──────── Data under study ────────

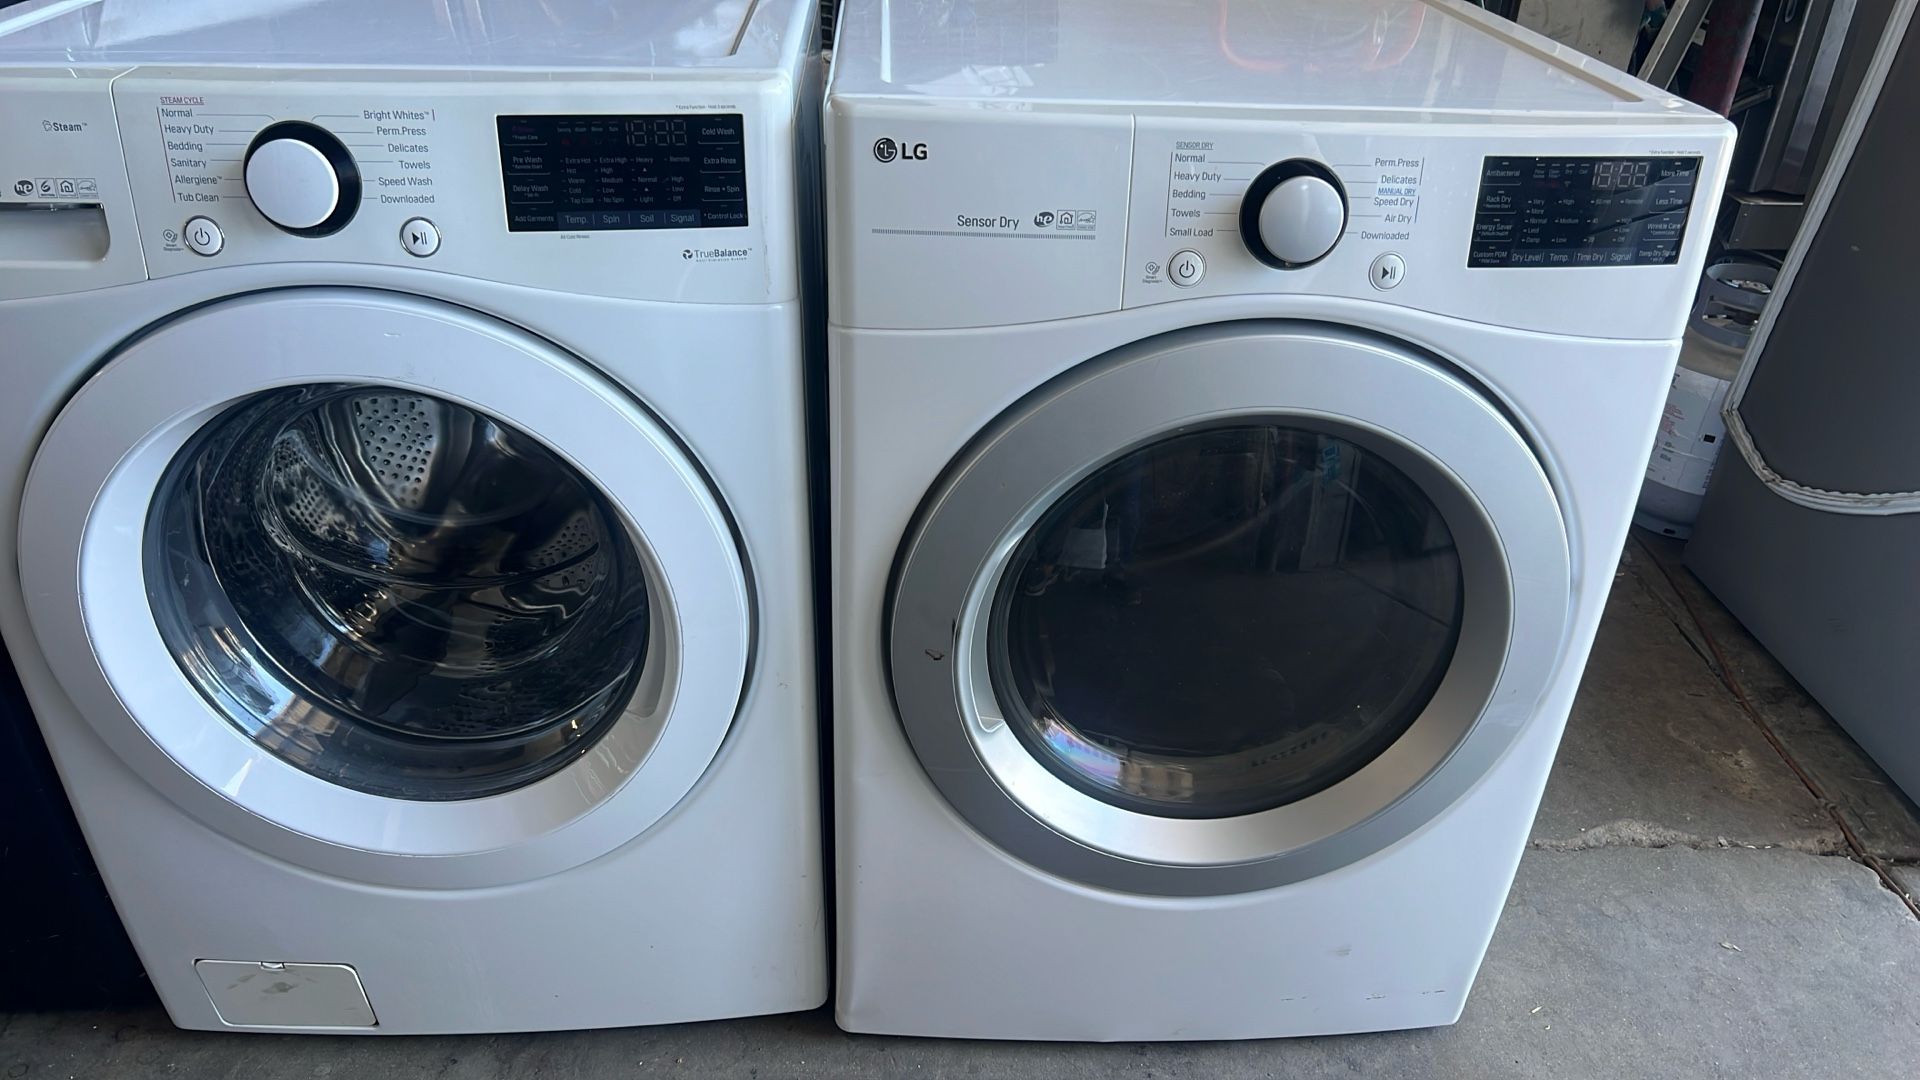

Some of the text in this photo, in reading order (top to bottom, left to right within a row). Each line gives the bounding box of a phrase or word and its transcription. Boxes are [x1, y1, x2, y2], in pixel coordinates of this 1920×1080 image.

[161, 108, 193, 118] Normal
[364, 110, 391, 121] Bright
[164, 124, 214, 135] Heavy Duty
[167, 141, 203, 152] Bedding
[388, 143, 429, 152] Delicates
[902, 143, 928, 160] LG
[170, 158, 206, 168] Sanitary
[1175, 153, 1206, 163] Normal
[398, 160, 431, 169] Towels
[378, 177, 433, 187] Speed Wash
[1174, 171, 1222, 183] Heavy Duty
[1381, 175, 1417, 184] Delicates
[177, 192, 220, 202] Tub Clean
[381, 194, 435, 203] Downloaded
[1172, 189, 1206, 200] Bedding
[1373, 197, 1414, 207] Speed Dry
[1171, 208, 1201, 217] Towels
[565, 215, 588, 224] Temp.
[603, 214, 620, 224] Spin
[640, 214, 654, 223] Soil
[670, 214, 695, 224] Signal
[957, 215, 1019, 230] Sensor Dry
[1384, 214, 1412, 224] Air Dry
[1170, 228, 1214, 237] Small Load
[1476, 224, 1495, 232] Energy
[1361, 231, 1410, 240] Downloaded
[1512, 253, 1542, 262] Dry Level
[1550, 253, 1569, 262] Temp.
[1592, 253, 1604, 262] Dry
[1610, 252, 1632, 262] Signal
[1652, 250, 1662, 258] Dry
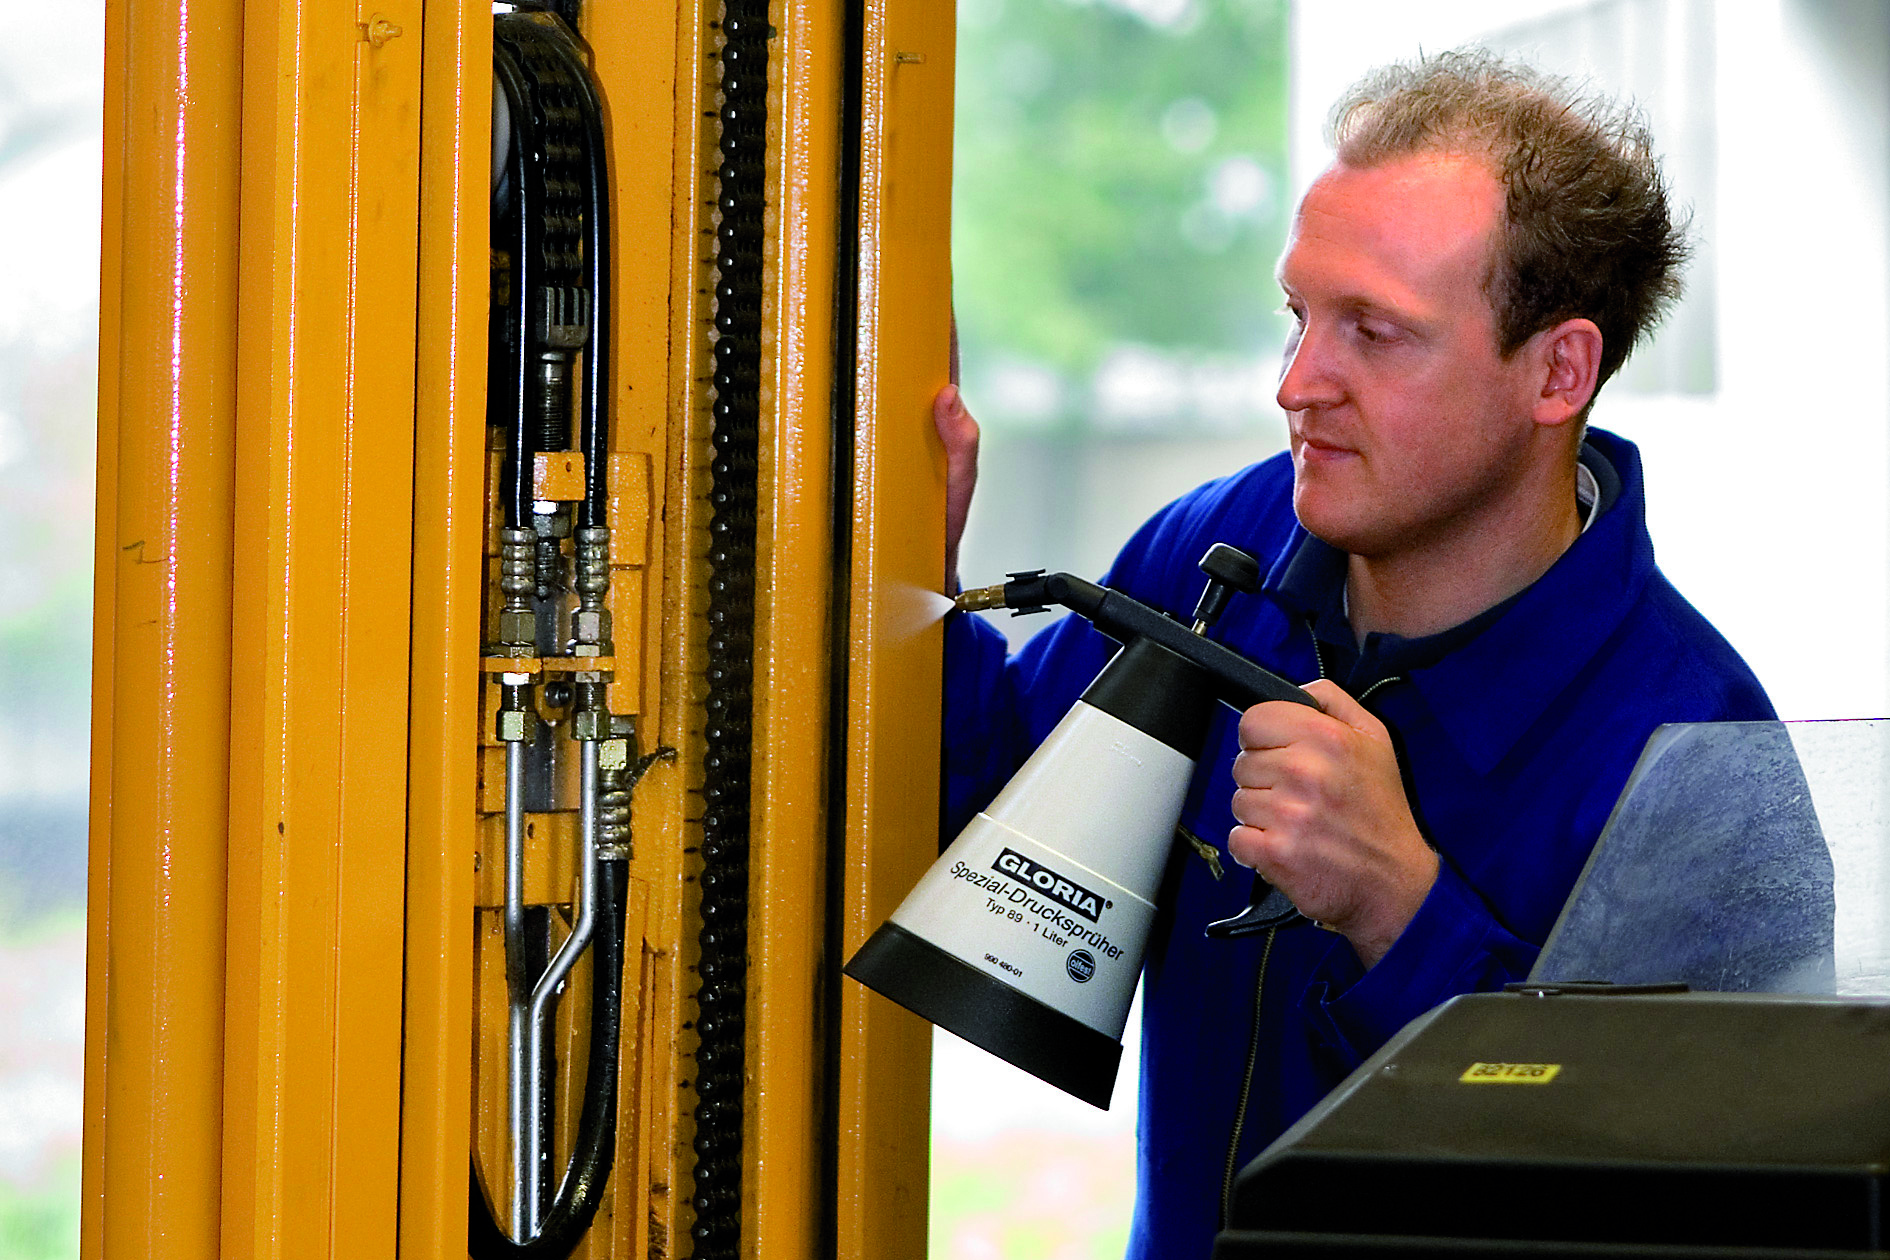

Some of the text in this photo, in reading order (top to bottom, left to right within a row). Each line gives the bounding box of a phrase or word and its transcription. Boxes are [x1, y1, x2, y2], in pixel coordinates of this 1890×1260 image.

[950, 861, 1125, 960] Spezial-Drucksprüher
[999, 854, 1097, 917] GLORIA
[986, 897, 1068, 947] Typ 89 1 Liter

────────

**Problem to work on**. Could the data above be copied out exactly, with no pictures kept?

**Solved problem**.
Some of the text in this photo, in reading order (top to bottom, left to right within a row). Each line gives the bounding box of a phrase or word and its transcription. Boxes are [x1, y1, x2, y2], in pixel coordinates of this 1920×1080 image.

[161, 108, 193, 118] Normal
[364, 110, 391, 121] Bright
[164, 124, 214, 135] Heavy Duty
[167, 141, 203, 152] Bedding
[388, 143, 429, 152] Delicates
[902, 143, 928, 160] LG
[170, 158, 206, 168] Sanitary
[1175, 153, 1206, 163] Normal
[398, 160, 431, 169] Towels
[378, 177, 433, 187] Speed Wash
[1174, 171, 1222, 183] Heavy Duty
[1381, 175, 1417, 184] Delicates
[177, 192, 220, 202] Tub Clean
[381, 194, 435, 203] Downloaded
[1172, 189, 1206, 200] Bedding
[1373, 197, 1414, 207] Speed Dry
[1171, 208, 1201, 217] Towels
[565, 215, 588, 224] Temp.
[603, 214, 620, 224] Spin
[640, 214, 654, 223] Soil
[670, 214, 695, 224] Signal
[957, 215, 1019, 230] Sensor Dry
[1384, 214, 1412, 224] Air Dry
[1170, 228, 1214, 237] Small Load
[1476, 224, 1495, 232] Energy
[1361, 231, 1410, 240] Downloaded
[1512, 253, 1542, 262] Dry Level
[1550, 253, 1569, 262] Temp.
[1592, 253, 1604, 262] Dry
[1610, 252, 1632, 262] Signal
[1652, 250, 1662, 258] Dry

Some of the text in this photo, in reading order (top to bottom, left to right within a row). Each line gives the bounding box of a phrase or word and its transcription. Boxes are [x1, y1, x2, y2], in pixel coordinates of this 1890×1260 image.

[950, 861, 1125, 960] Spezial-Drucksprüher
[999, 854, 1097, 917] GLORIA
[986, 897, 1068, 947] Typ 89 1 Liter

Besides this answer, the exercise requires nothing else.